S’impone pertanto una riflessione politica sul futuro della Ue, dell’eurozona e dei paesi del Mediterraneo. C’è chi, come Bruno Amoroso nel suo ultimo saggio, propone di tradurre con due monete l’Europa a due velocità : un Euro A per i paesi dell’area scandinavo-tedesca ed un Euro B per i paesi del sud Europa. C’è invece chi, come una parte delle forze politiche (soprattutto di destra estrema) dei paesi del sud-Europa, propone di uscire semplicemente dall’euro e tornare alla valuta nazionale. C’è infine chi, compreso il sottoscritto, pensa che bisogna rinsaldare i legami sociali e politici tra i Piigs ed andare insieme a sedersi a Bruxelles per rinegoziare/ristrutturare il debito pubblico. In caso contrario, uscire tutti insieme dall’Eurozona e avviare da subito la costruzione di un’area economica Euro-Mediterranea, coinvolgendo i paesi della sponda sud-est, a cominciare dalla Turchia tenuta fuori, stupidamente, dall’Unione Europea. Ma non è solo una questione economica, c’è la necessità di rompere il muro che divide il fondamentalismo islamico da quello occidentale, di creare una grande area euro-mediterranea, un’area di pace e cooperazione reale in cui tutta le persone, e non solo le merci, possano spostarsi liberamente, un’area con al centro e nel cuore la “Gerusalemme liberata” dall’occupazione israeliana. Un’utopia? Certo, finché si resterà legati e schiavi del debito pubblico, che qualcuno ha il coraggio di chiamare “debito sovrano”!
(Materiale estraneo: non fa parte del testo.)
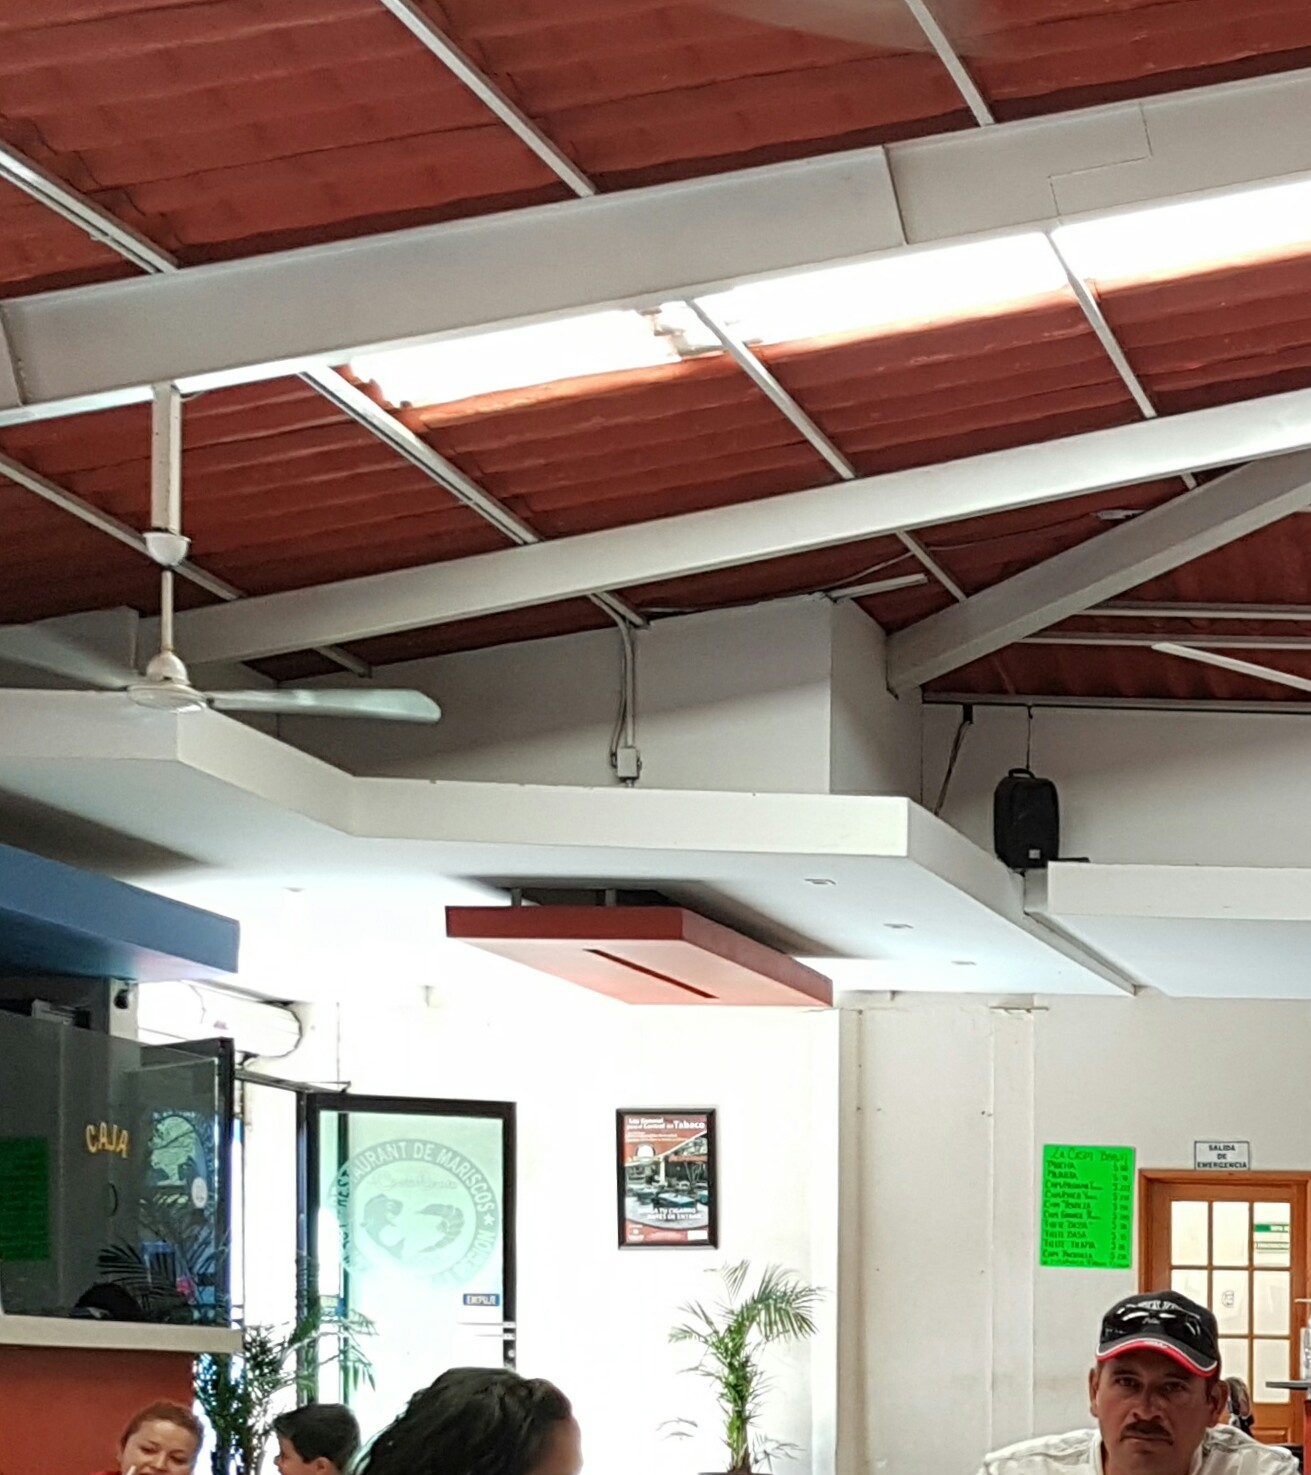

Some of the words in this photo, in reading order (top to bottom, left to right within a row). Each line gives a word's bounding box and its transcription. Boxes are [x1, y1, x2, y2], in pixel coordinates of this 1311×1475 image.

[86, 1121, 129, 1158] CAJA
[674, 1120, 705, 1129] Tabaco
[413, 1142, 435, 1161] DE
[436, 1148, 495, 1211] MARISCOS
Il messaggio delle grandi manifestazioni popolari del 14 novembre è chiaro: lottare uniti per abbattere il debito e salvare la nostra società , i nostri valori, i diritti degli studenti e dei lavoratori. Purtroppo, manca la traduzione politica di queste istanze largamente popolari. Soprattutto nel nostro paese dove siamo incartocciati a discutere di porcellum e alleanze, senza che nessuna forza politica spenda una parola chiara sul nostro futuro, sul nostro posto e ruolo nella Ue e nel Mediterraneo. Penso che Alba e le organizzazioni/associazioni che stanno convergendo per costruire un’alternativa non riformista/minimalista al neoliberismo, debbano porsi seriamente la “questione mediterranea”, uscendo da un soffocante dibattito politico da condominio. A partire da quanto ci ha insegnato questa straordinaria manifestazione del 14 novembre: nessuno si salva da solo.